Open Source Code	Yes	Code is available at https://github.com/jrosseruk/AgentBreeder.
Open Datasets	Yes	We evaluate discovered scaffolds on widely recognized reasoning, mathematics, and safety benchmarks and compare them with popular baselines. MMLU [19] is a multi-task benchmark comprising multiple choice questions on 57 subjects across STEM, the humanities, the social sciences, and more. DROP [14] is an English reading comprehension benchmark which requires the model to reason over and answer questions on given paragraphs. GPQA [43] is a benchmark comprising graduate-level multiple-choice questions in the field of biology, physics, and chemistry. Salad Data [28] is a hierarchical and comprehensive safety benchmark spanning 3 levels. Truthful QA [29] is a question-answering benchmark comprising questions that some humans may answer incorrectly.
Dataset Splits	Yes	Before running our evolution on our chosen benchmark, we evaluate a single Co T agent on 1,000 samples from the validation set of the benchmark, oversampling and resampling where necessary. For each generation, we validate the newly discovered scaffolds using a balanced sampling strategy, selecting 50% positive and 50% negative samples.

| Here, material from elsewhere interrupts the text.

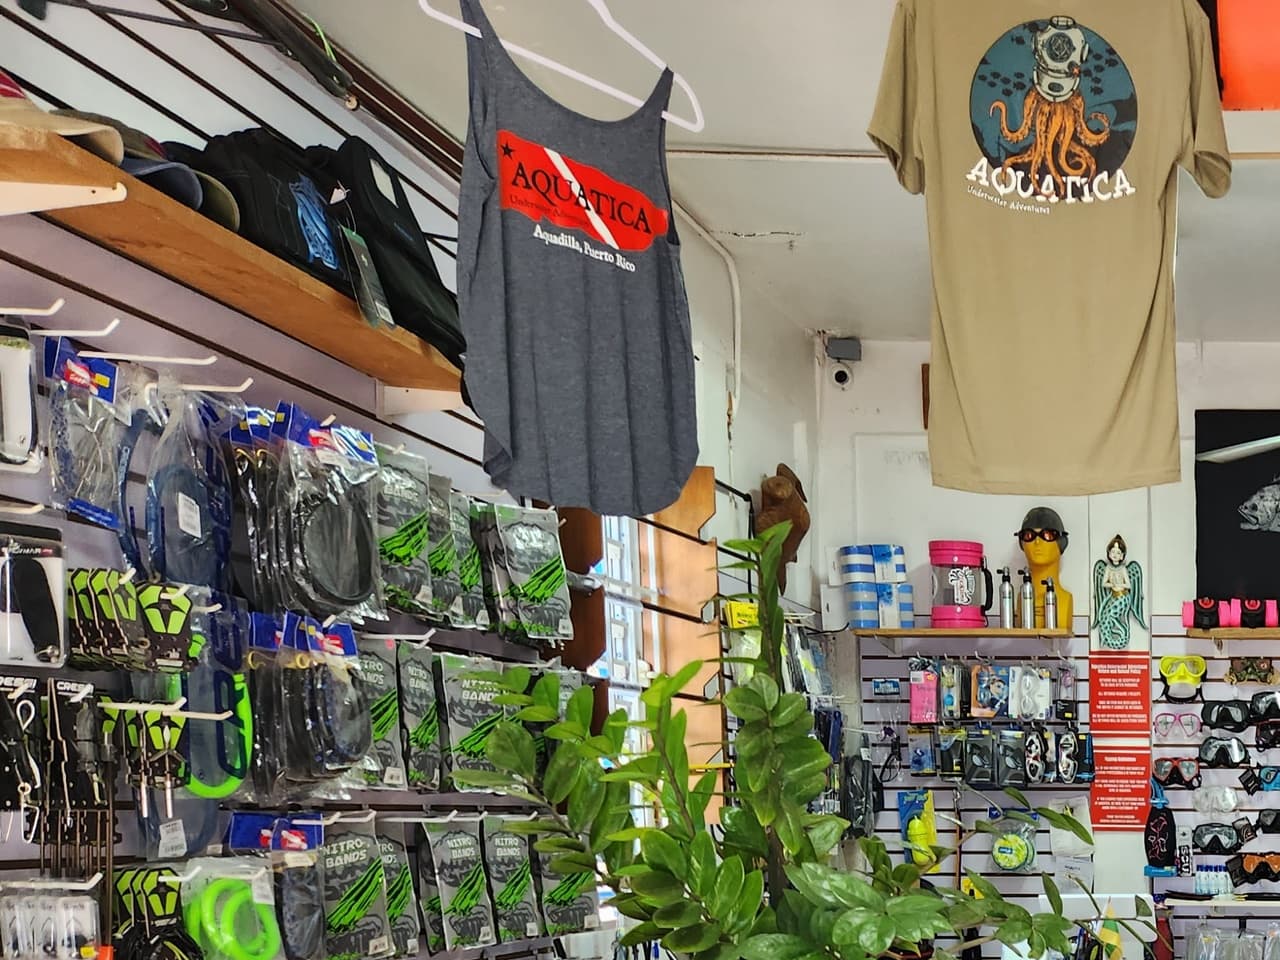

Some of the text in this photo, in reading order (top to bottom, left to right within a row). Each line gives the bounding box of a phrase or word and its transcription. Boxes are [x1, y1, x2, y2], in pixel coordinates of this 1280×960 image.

Hardware Specification	No	The BLUEAGENTBREEDER experiment, comprising one 20-generation run on each of our 3 benchmarks as well as evaluations costs approximately $600, with the $500 from gpt-4o-mini-2024-07-18 and $100 from claude-3-5-sonnet-20241022-v2:0. The REDAGENTBREEDER experiment, comprising one 10-generation run on DROP cost $115 as expected. The CAPABLEAGENTBREEDER experiment, comprising one 20-generation run on each of our 3 benchmarks as well as evaluations costs approximately $400.
Software Dependencies	Yes	Claude 3.5 Sonnet [3] (claude-3-5-sonnet-20241022-v2:0) is used as the core model of the Meta Agent due to its state-of-the-art performance on code generation tasks [49]. In AGENTBREEDER, we use Open AI s text-embedding-3-small [39] model returning a 12-dimensional text embedding of the system name and code as our descriptor to encode semantic information about the name, structure, and potential logic embedded in the scaffold. We take the highest-performing scaffolds from ADAS [20] and evaluate them with GPT-4o mini [37] as their core model.
Experiment Setup	Yes	To achieve a balanced trade-off between system performance and system diversity, a distance threshold of 0.7 was selected. Weighting the mutation operator twice as highly as crossover was found empirically to lead to faster convergence. We ran BLUEAGENTBREEDER for 20 generations, on each of our three chosen capability benchmarks...REDAGENTBREEDER seeks to discover Red Team scaffolds... with only half the generation budget of BLUEAGENTBREEDER. As an ablation for our multi-objective criteria and to compare AGENTBREEDER against the seminal work, we run CAPABLEAGENTBREEDER a single-objective-variant of our framework for 20 generations, evolving 10 mutants each generation.